• HOW TO COMPLETE THIS TASK:
Every record below should be printed again exactly, with its pictures removed.

• INFORMATION SHOWN:

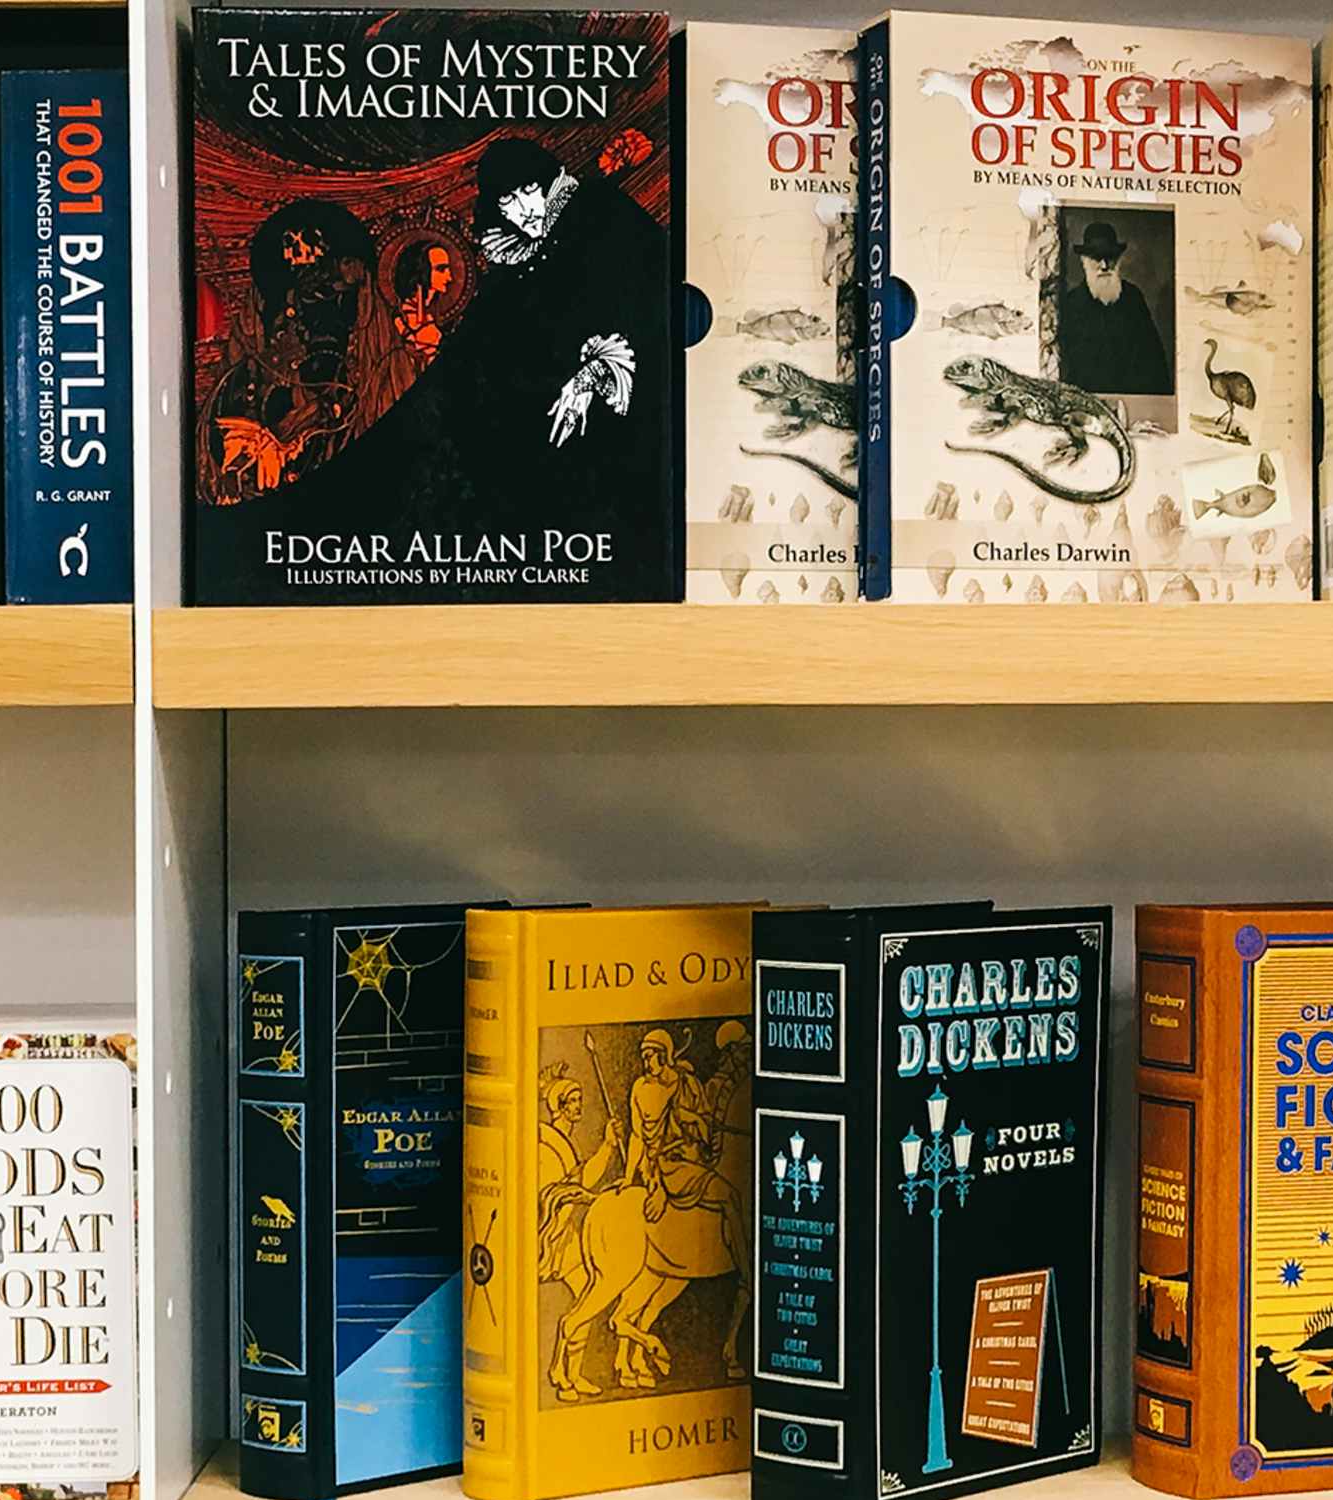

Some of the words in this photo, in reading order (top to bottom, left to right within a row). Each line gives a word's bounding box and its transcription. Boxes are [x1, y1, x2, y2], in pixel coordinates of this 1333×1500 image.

[218, 38, 346, 79] TALES
[366, 44, 420, 79] OF
[443, 41, 646, 79] MYSTERY
[248, 84, 280, 116] &
[298, 79, 608, 119] IMAGINATION
[969, 68, 1241, 131] ORIGIN
[57, 100, 104, 214] 1001
[971, 122, 1039, 167] OF
[1050, 127, 1242, 176] SPECIES
[973, 171, 994, 185] BY
[999, 172, 1054, 187] MEANS
[1058, 175, 1078, 188] OF
[1082, 176, 1154, 192] NATURAL
[1157, 179, 1242, 196] SELECTION
[59, 235, 106, 468] BATTLES
[265, 531, 389, 565] EDGAR
[406, 532, 526, 563] ALLAN
[543, 530, 612, 562] POE
[973, 542, 1053, 564] Charles
[1057, 543, 1131, 564] Darwin
[287, 567, 423, 584] ILLUSTRATIONS
[430, 569, 450, 584] BY
[455, 567, 517, 584] HARRY
[521, 567, 589, 584] CLARKE
[899, 955, 1082, 1018] CHARLES
[898, 1011, 1081, 1077] DICKENS
[998, 1123, 1063, 1146] FOUR
[983, 1145, 1075, 1174] NOVELS
[1275, 1139, 1309, 1173] &
[9, 1205, 114, 1254] EAT
[9, 1317, 109, 1366] DIE
[629, 1417, 739, 1454] HOMER
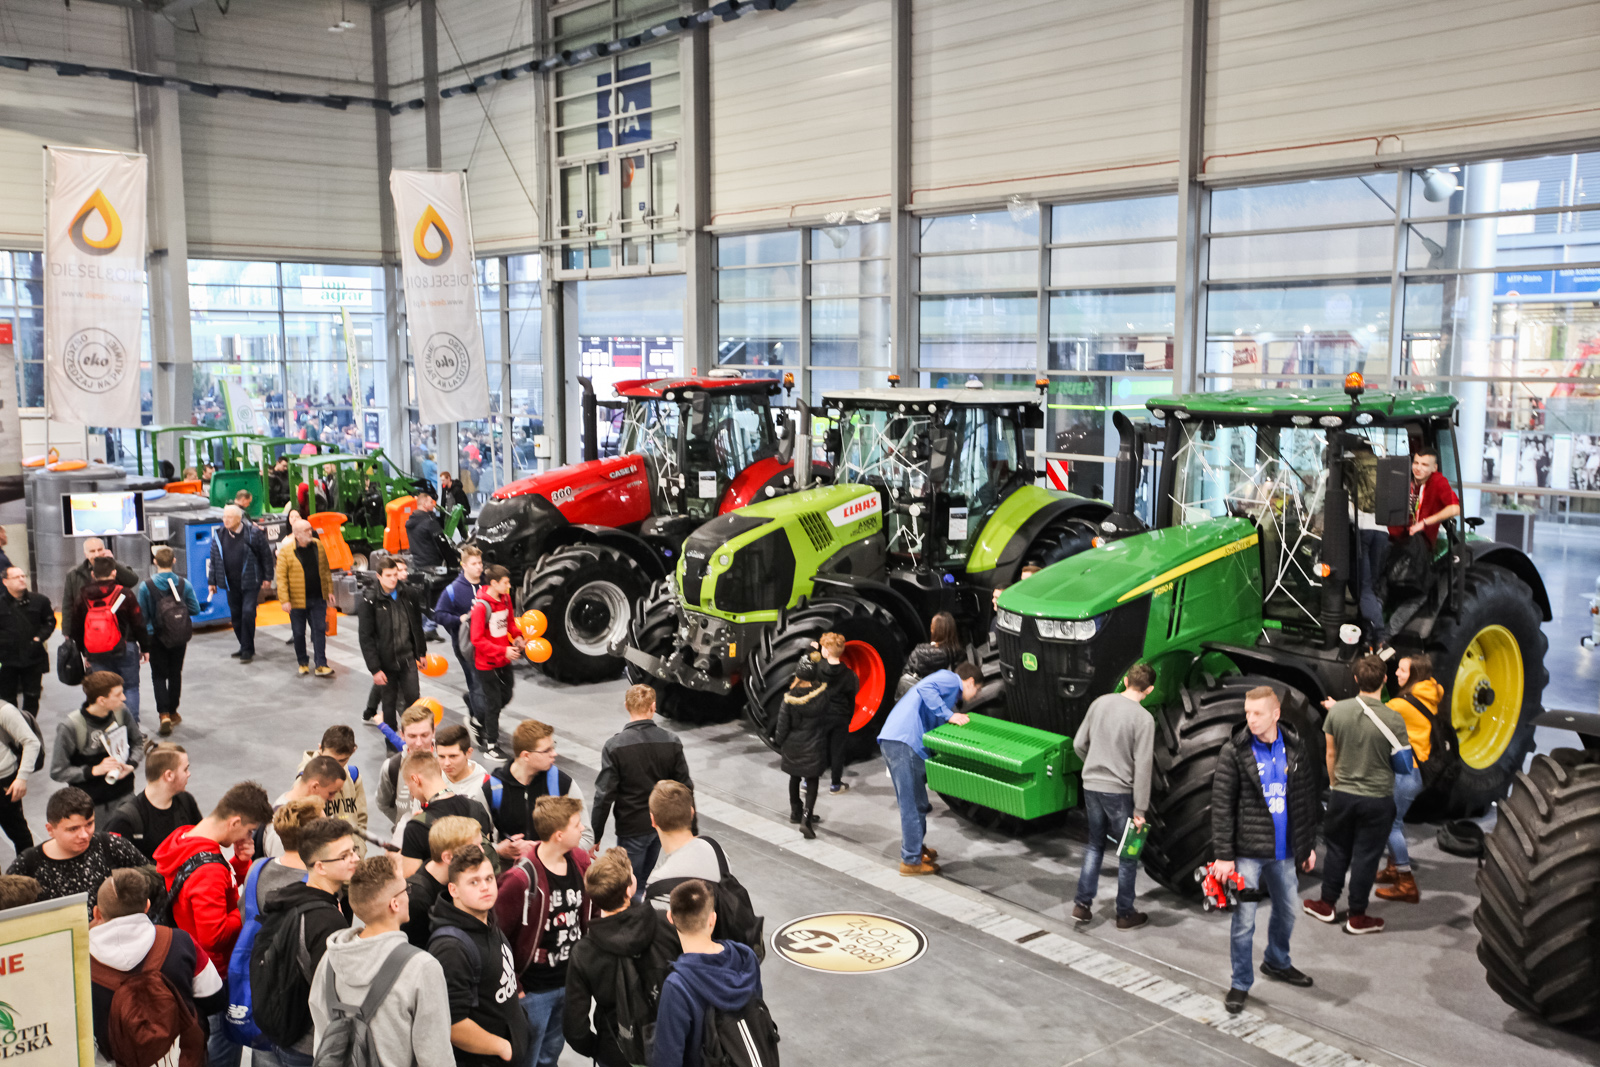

• PROBLEM SOLUTION:
Some of the words in this photo, in reading order (top to bottom, left to right within a row). Each line gives a word's bounding box and its transcription. Boxes are [x1, y1, x2, y2], in pixel coordinates of this 1333×1500 image.

[218, 38, 346, 79] TALES
[366, 44, 420, 79] OF
[443, 41, 646, 79] MYSTERY
[248, 84, 280, 116] &
[298, 79, 608, 119] IMAGINATION
[969, 68, 1241, 131] ORIGIN
[57, 100, 104, 214] 1001
[971, 122, 1039, 167] OF
[1050, 127, 1242, 176] SPECIES
[973, 171, 994, 185] BY
[999, 172, 1054, 187] MEANS
[1058, 175, 1078, 188] OF
[1082, 176, 1154, 192] NATURAL
[1157, 179, 1242, 196] SELECTION
[59, 235, 106, 468] BATTLES
[265, 531, 389, 565] EDGAR
[406, 532, 526, 563] ALLAN
[543, 530, 612, 562] POE
[973, 542, 1053, 564] Charles
[1057, 543, 1131, 564] Darwin
[287, 567, 423, 584] ILLUSTRATIONS
[430, 569, 450, 584] BY
[455, 567, 517, 584] HARRY
[521, 567, 589, 584] CLARKE
[899, 955, 1082, 1018] CHARLES
[898, 1011, 1081, 1077] DICKENS
[998, 1123, 1063, 1146] FOUR
[983, 1145, 1075, 1174] NOVELS
[1275, 1139, 1309, 1173] &
[9, 1205, 114, 1254] EAT
[9, 1317, 109, 1366] DIE
[629, 1417, 739, 1454] HOMER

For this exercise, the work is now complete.